What to produce
In the answer, each entry below appears exactly as given, and no picture appears at all.

Dataset extract
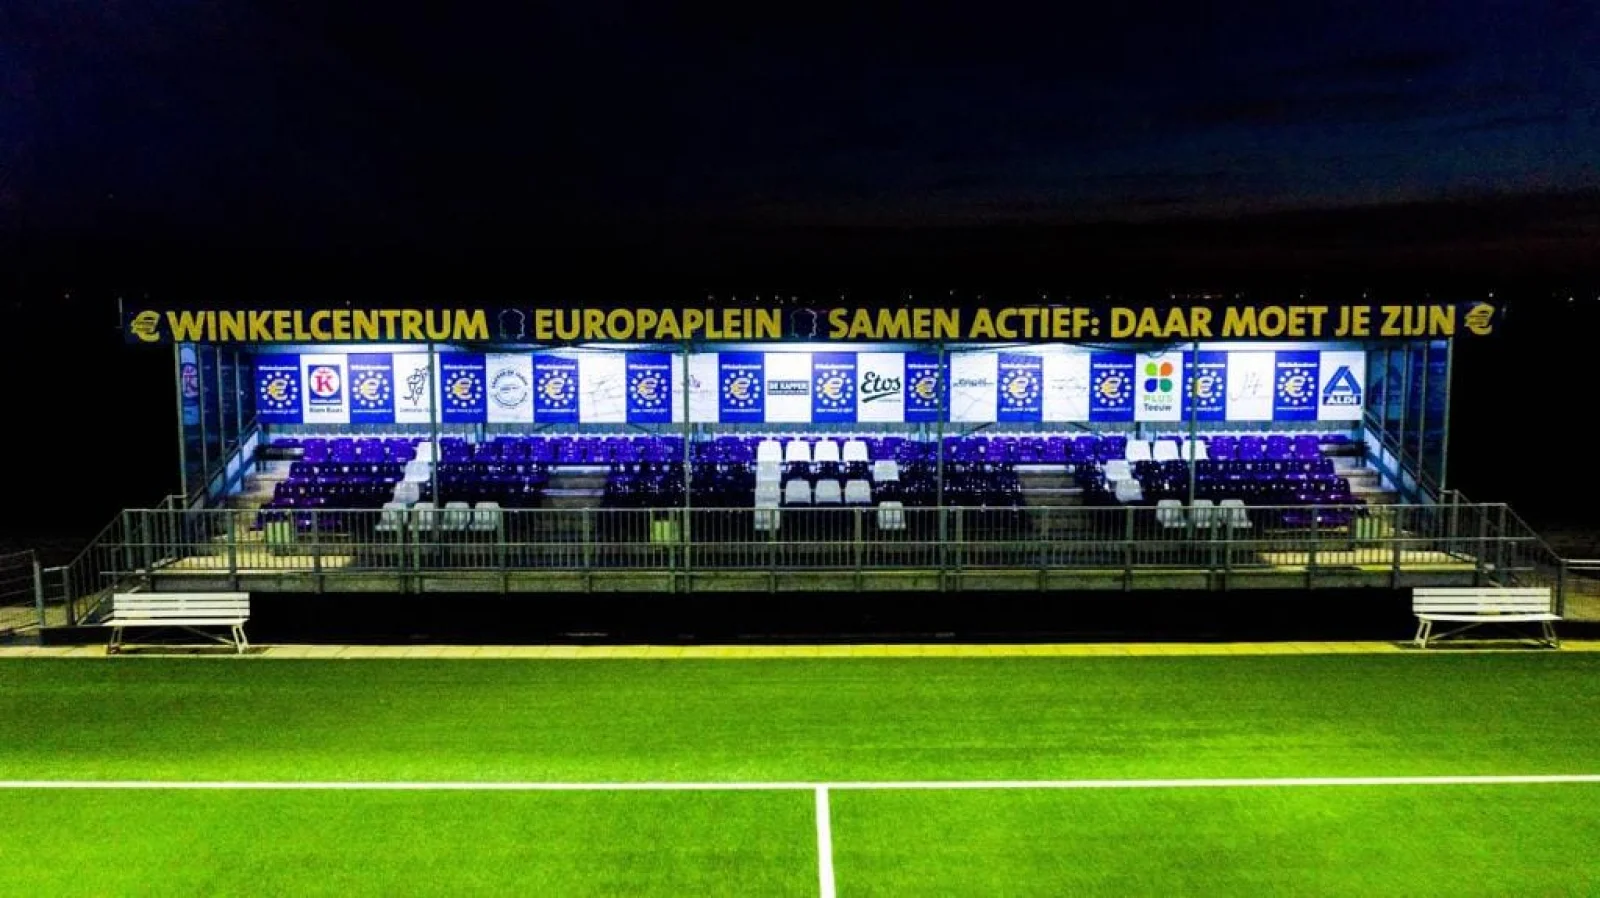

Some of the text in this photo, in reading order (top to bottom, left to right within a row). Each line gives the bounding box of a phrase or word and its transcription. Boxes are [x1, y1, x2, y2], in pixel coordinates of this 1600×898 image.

[167, 309, 489, 341] WINKELCENTRUM
[535, 308, 781, 340] EUROPAPLEIN
[829, 308, 959, 339] SAMEN
[969, 308, 1099, 338] ACTIEF:
[1110, 307, 1212, 338] DAAR
[1221, 306, 1328, 337] MOET
[1335, 306, 1371, 336] JE
[1380, 305, 1456, 336] ZIJN
[861, 371, 901, 393] Etos
[1326, 395, 1357, 404] ALDI

Output for this exercise
Some of the text in this photo, in reading order (top to bottom, left to right within a row). Each line gives the bounding box of a phrase or word and its transcription. Boxes are [x1, y1, x2, y2], in pixel coordinates of this 1600×898 image.

[167, 309, 489, 341] WINKELCENTRUM
[535, 308, 781, 340] EUROPAPLEIN
[829, 308, 959, 339] SAMEN
[969, 308, 1099, 338] ACTIEF:
[1110, 307, 1212, 338] DAAR
[1221, 306, 1328, 337] MOET
[1335, 306, 1371, 336] JE
[1380, 305, 1456, 336] ZIJN
[861, 371, 901, 393] Etos
[1326, 395, 1357, 404] ALDI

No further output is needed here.